Deep electric field predictions by drift-reduced Braginskii theory with plasma-neutral interactions based upon experimental images of boundary turbulence

TL;DR

This paper introduces a physics-informed deep learning method to predict turbulent electric fields in fusion plasmas, integrating Braginskii theory with experimental imaging data, highlighting the influence of neutrals on turbulence.

Contribution

It develops a novel deep learning framework that combines plasma physics models with experimental data to accurately predict electric fields in turbulent fusion plasmas.

Findings

Neutrals increase turbulence amplitude distribution.

Electric field correlations with electron pressure are strengthened.

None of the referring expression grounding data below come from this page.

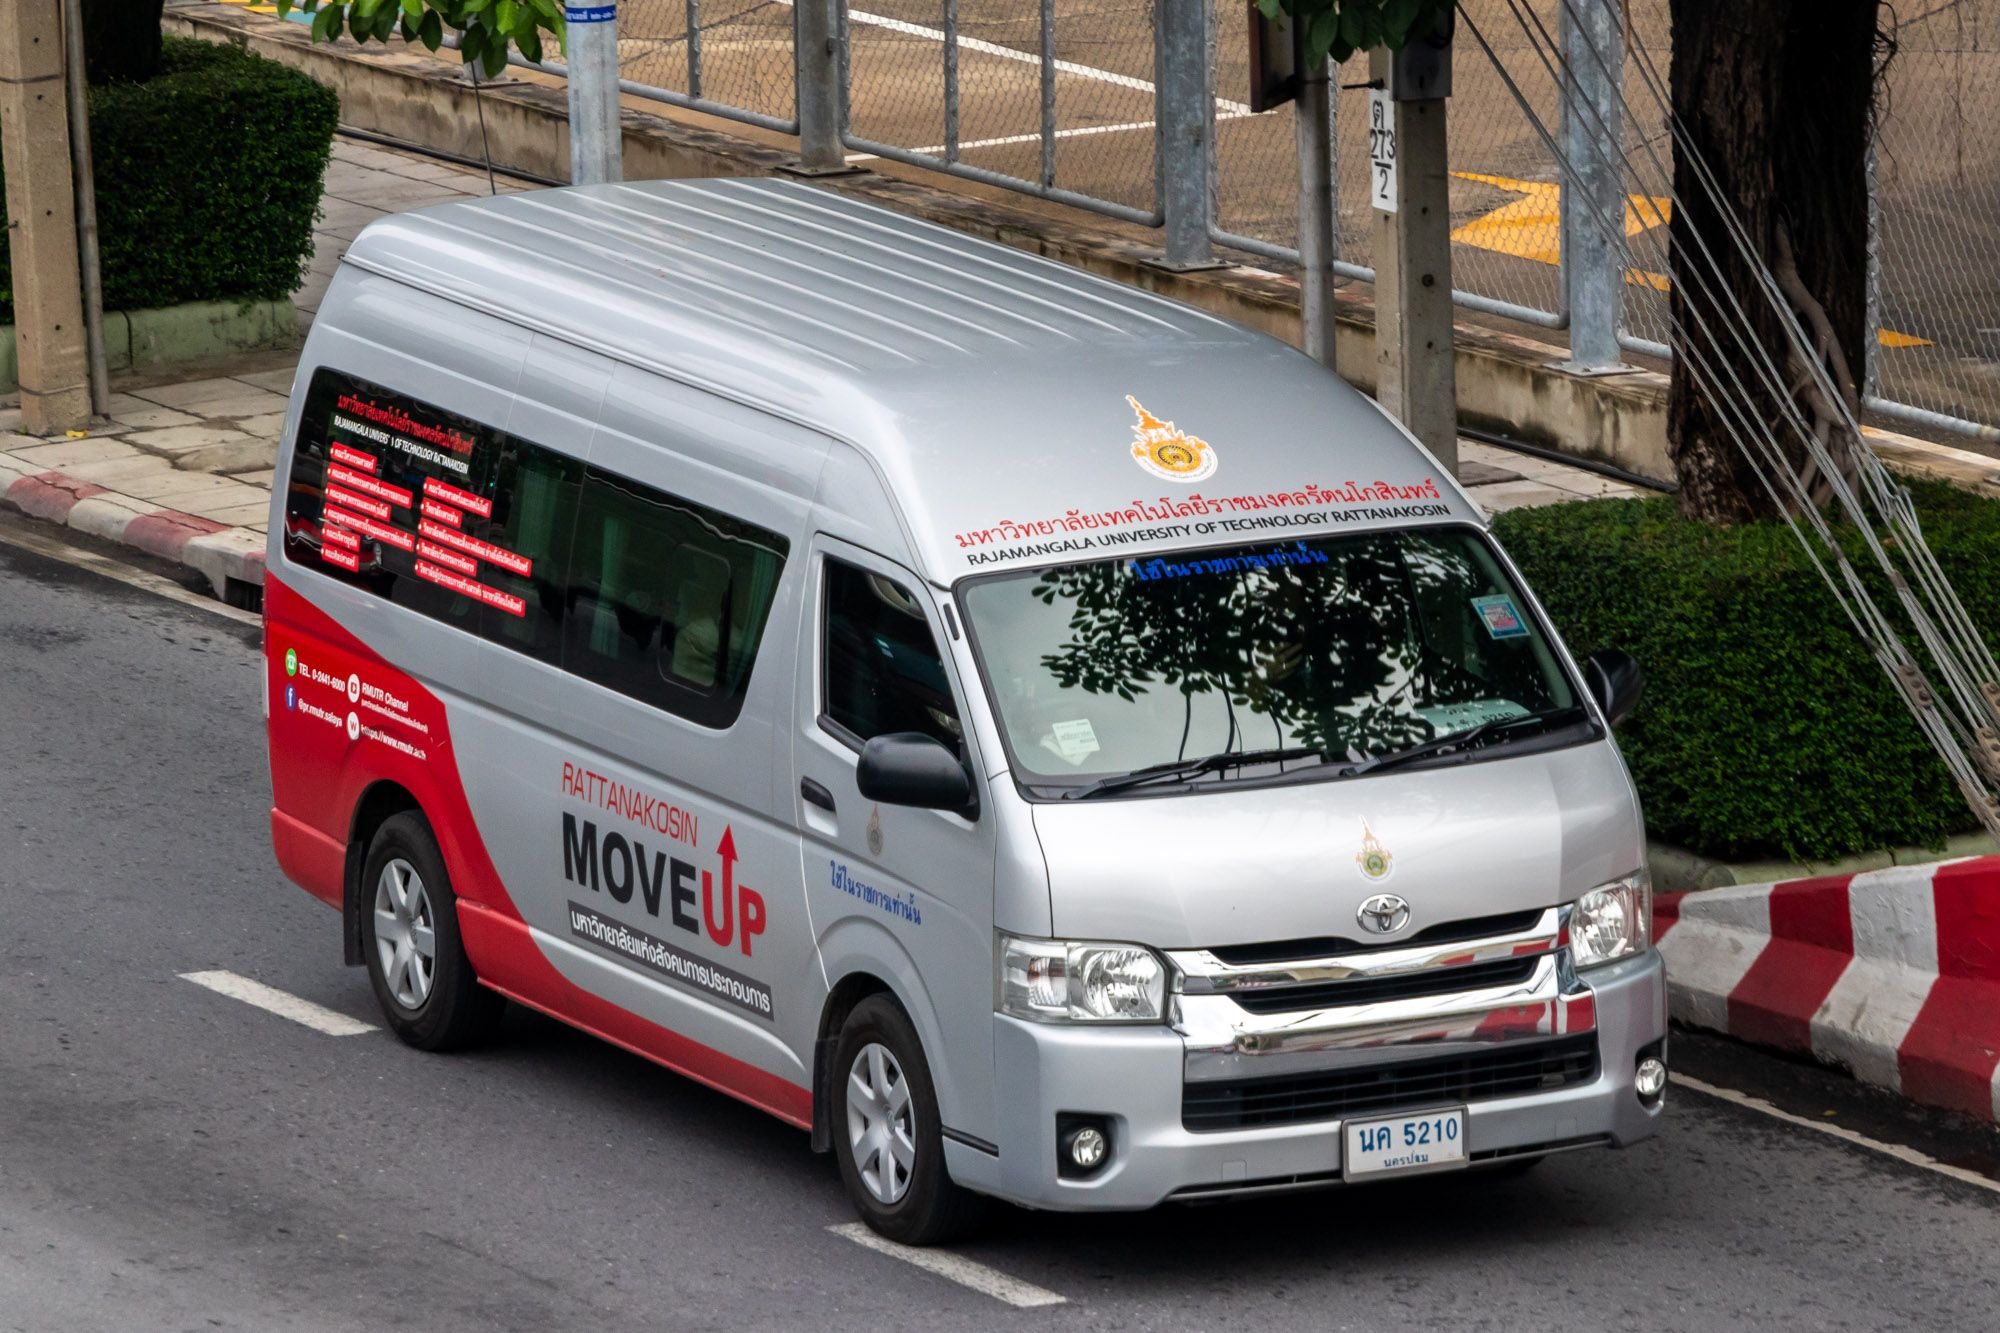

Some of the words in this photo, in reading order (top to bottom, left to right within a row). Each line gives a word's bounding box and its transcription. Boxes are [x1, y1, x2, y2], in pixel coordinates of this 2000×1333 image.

[1370, 129, 1396, 160] 273
[1380, 168, 1388, 199] 2
[334, 415, 369, 438] RAJAMANGALA
[401, 440, 434, 459] TECHNOLOGY
[955, 478, 1441, 548] มหาวิทยาลัยเทคโนโลยีราชมงคลรัตนโกสินทร์
[967, 537, 1097, 566] RAJAMANGALA
[1097, 524, 1192, 546] UNIVERSITY
[1195, 522, 1218, 535] OF
[1218, 512, 1331, 532] TECHNOLOGY
[1330, 503, 1452, 523] RATTANAKOSIN
[1129, 541, 1329, 581] ใช้ในราชการเท่านั้น
[312, 668, 346, 692] 0-2441-6000
[361, 682, 385, 702] RMUTR
[384, 692, 409, 712] Channel
[562, 762, 698, 847] RATTANAKOSIN
[830, 860, 921, 925] ใช้ในราชการเท่านั้น
[571, 909, 771, 1013] มหาวิทยาลัยแห่งสังคมการประกอบการ
[1360, 1127, 1391, 1152] นค
[1404, 1118, 1458, 1146] 5210

Neutral effects enhance E×B shearing rates.

Abstract

We present 2-dimensional turbulent electric field calculations via physics-informed deep learning consistent with (i) drift-reduced Braginskii theory under the framework of an axisymmetric fusion plasma with purely toroidal field and (ii) experimental estimates of the fluctuating electron density and temperature on open field lines obtained from analysis of gas puff imaging of a discharge on the Alcator C-Mod tokamak. The inclusion of effects from the locally puffed atomic helium on particle and energy sources within the reduced plasma turbulence model are found to strengthen correlations between the electric field and electron pressure. The neutrals are also directly associated with broadening the distribution of turbulent field amplitudes and increasing ${\bf E \times B}$ shearing rates. This demonstrates a novel approach in plasma experiments by solving for nonlinear dynamics consistent with partial differential equations and data without encoding explicit boundary nor initial conditions.